Methods A systematic search strategy for methods of tophus measurement was formulated. For each method, papers were assessed by two reviewers to summarise information according to the specific components of the Outcomes Measures in Rheumatology (OMERACT) filter: feasibility, truth and discrimination. Detailed images were obtained to construct the reference guide.
Results Eight methods of tophus measurement were identified: counting the total number of tophi, physical measurement using tape measure, physical measurement using Vernier callipers, digital photography, ultrasonography (US), MRI, CT and dual energy CT. Feasibility aspects of the methods are well documented. Physical measurement techniques are more feasible than advanced imaging methods, but do not allow for assessment of intra-articular tophi or for data storage and central reading. The truth aspect of the filter has been documented for many methods, particularly Vernier callipers, US, MRI and CT. Reliability of most methods has been reported as very good or excellent. Sensitivity to change has been reported for all methods except MRI and CT.
Conclusion A variety of methods of tophus assessment have been described for use in clinical trials of chronic gout. Physical measurement techniques (particularly the Vernier calliper method) and US measurement of tophus size appear to meet most aspects of the OMERACT filter.
Statistics from Altmetric.com
The tophus is a pathognomonic feature of chronic gout.
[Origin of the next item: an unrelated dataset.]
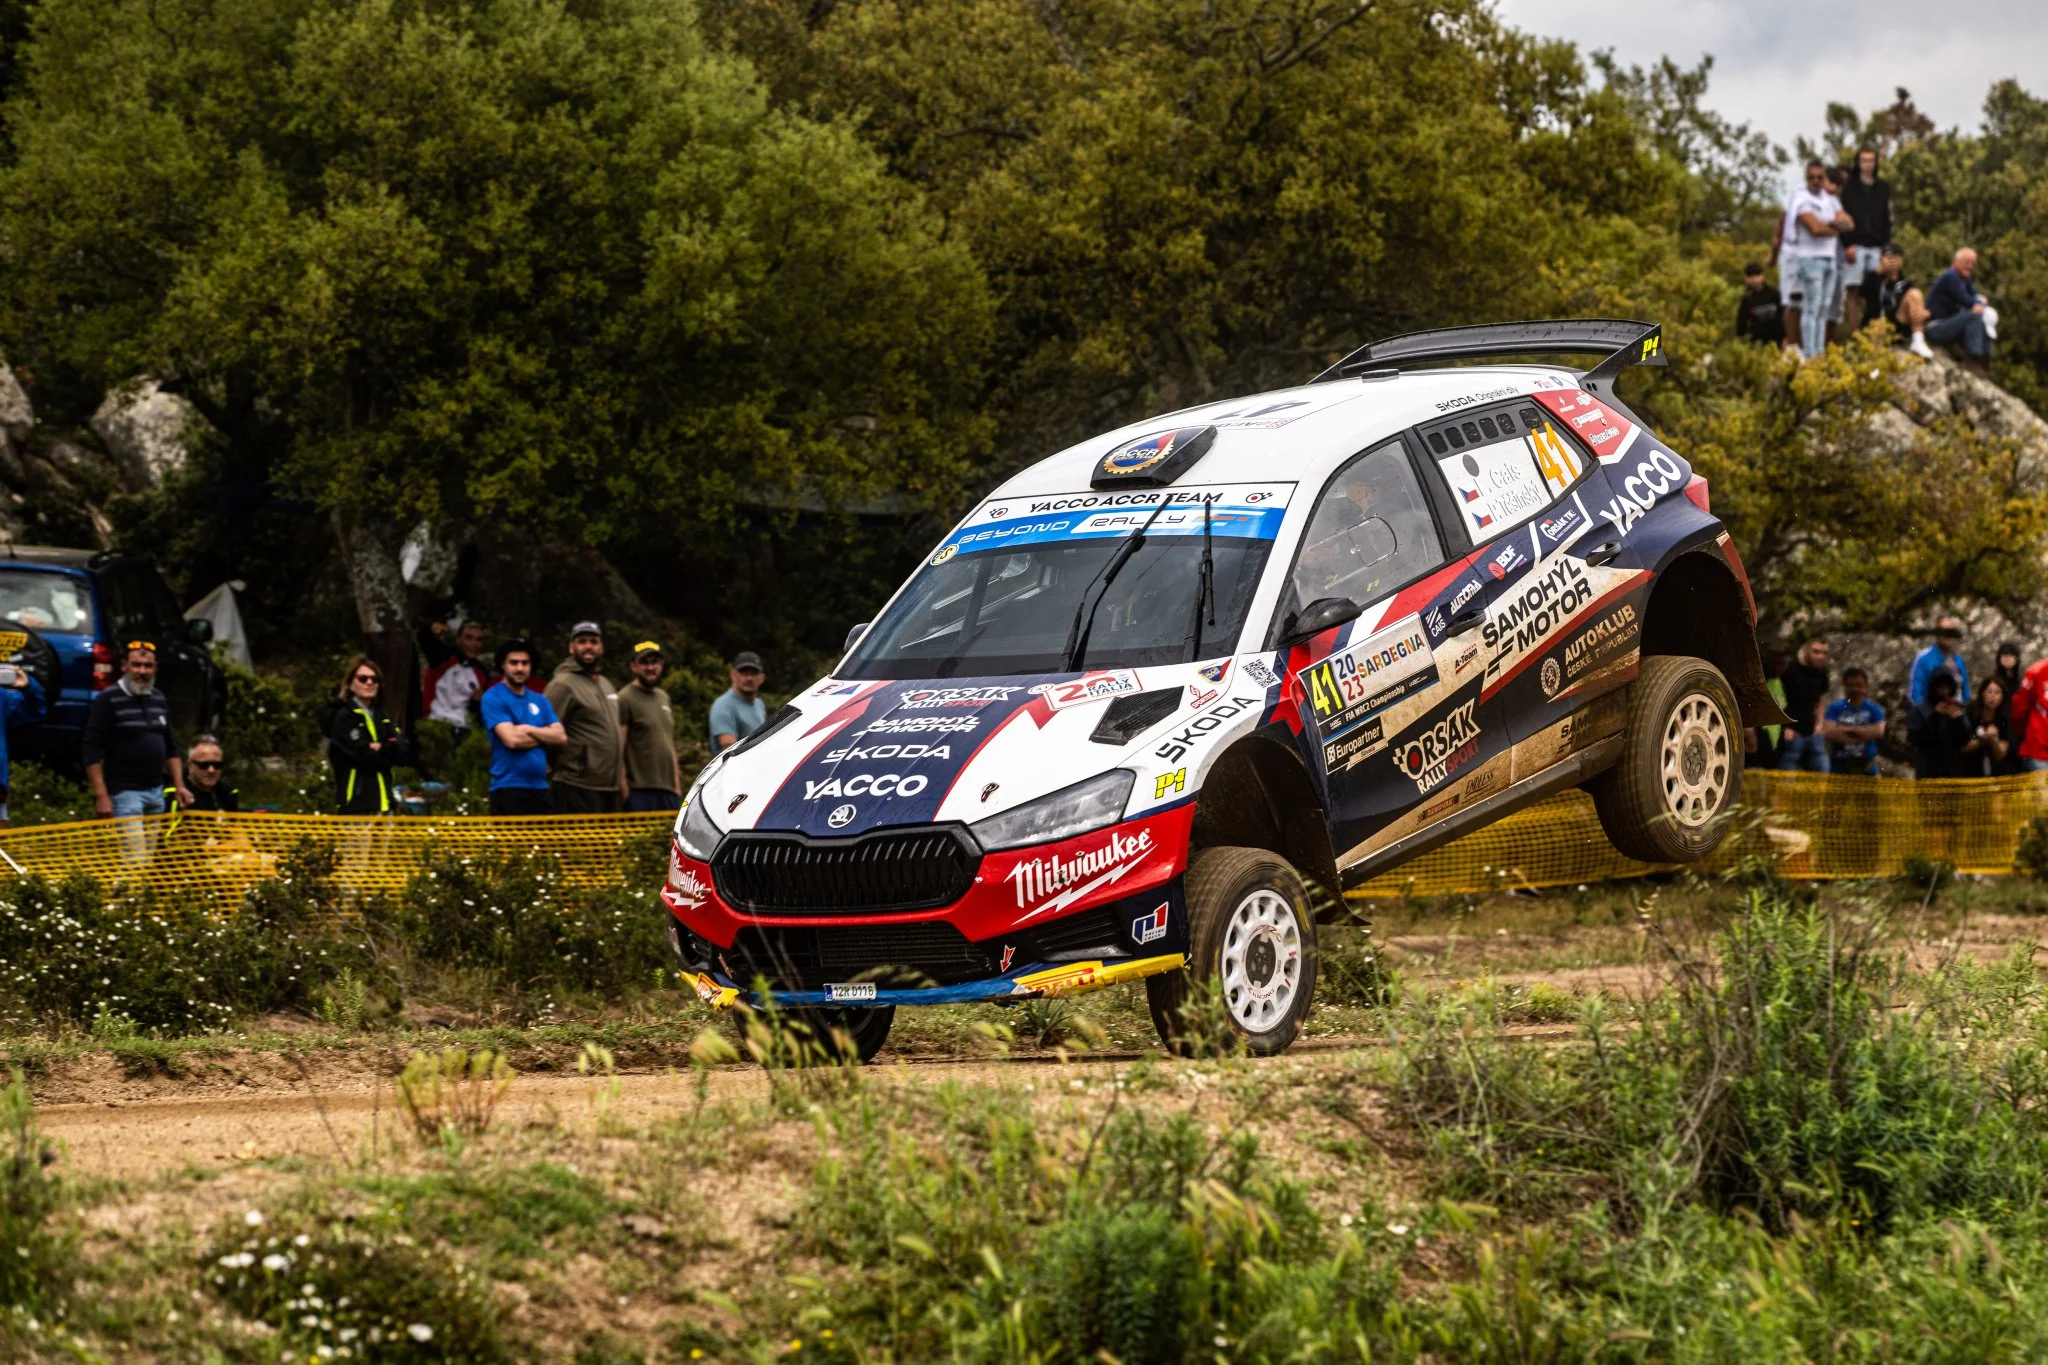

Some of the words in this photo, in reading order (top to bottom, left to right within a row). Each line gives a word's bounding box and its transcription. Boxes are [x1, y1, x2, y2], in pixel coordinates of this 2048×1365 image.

Tophi are chronic granulomatous lesions surrounding a core of monosodium urate monohydrate (MSU) crystals, encased by dense connective tissue.1 Tophi are usually non-tender but may lead to cosmetic problems, mechanical obstruction of joint movement, joint damage and musculoskeletal disability.2 Gout is considered a curable disease3; MSU crystal deposition is reversible and tophi regress and ultimately disappear when urate-lowering therapy (ULT) is effective.4,–,9 In a recent Delphi exercise regarding outcome measures for clinical trials, tophus regression was considered mandatory for studies of patients with chronic tophaceous gout,10 yet the optimal method for measuring this regression remains uncertain.11 ,12
Using a systematic review of the literature, the aim of this work was to identify methods of tophus measurement and summarise the properties of these methods for use in studies of chronic gout, using the framework of the Outcomes Measures in Rheumatology (OMERACT) filter. In addition, we wished to compile a guide of various methods of tophus measurement to provide a reference for researchers undertaking clinical research in chronic gout.
A systematic search strategy was formulated to provide a written summary of the evidence for each method of tophus measurement. Searches were performed in the following electronic databases: PubMed, Medline, Web of Science, Cochrane Central Register of Controlled Trials (The Cochrane Library), Excerpta Medica Database (EMBASE), European League Against Rheumatism (EULAR) meeting abstract archive and American College of Rheumatology Annual Scientific Meeting abstract archive. Google Scholar was also used, as well as a thorough scan of bibliographical references of individual publications. Data sources were English publications from these databases, hand searches and guidelines. No date restrictions were used. Specific searches related to each method of measurement identified were also performed using the following search strategy: method (eg, MRI)*tophus/tophi*measure*gout. A total of 1411 papers were generated by the search, with 1324 deemed to be not appropriate based on reviewing the abstract as they did not address any aspect of the OMERACT filter. A total of 21 papers were finally selected as being relevant to tophus measurement and were included in the review (supplementary table S1).
For each method, papers were assessed by two reviewers (CS and ND) to summarise detailed information describing the measurement protocol, equipment and personnel required, reporting of the measure and detailed images demonstrating the method. Further information regarding measurement and confirmation of the protocol were obtained from principal investigators involved in developing or validating each method. Detailed images were obtained to construct the reference guide. Patients provided written informed consent prior to image acquisition.
For each method, papers were also assessed by the two reviewers to summarise information according to the specific components of the OMERACT filter: feasibility, truth and discrimination.13 Further details and definitions regarding the aspects of the filter that were considered are outlined in supplementary methods S1.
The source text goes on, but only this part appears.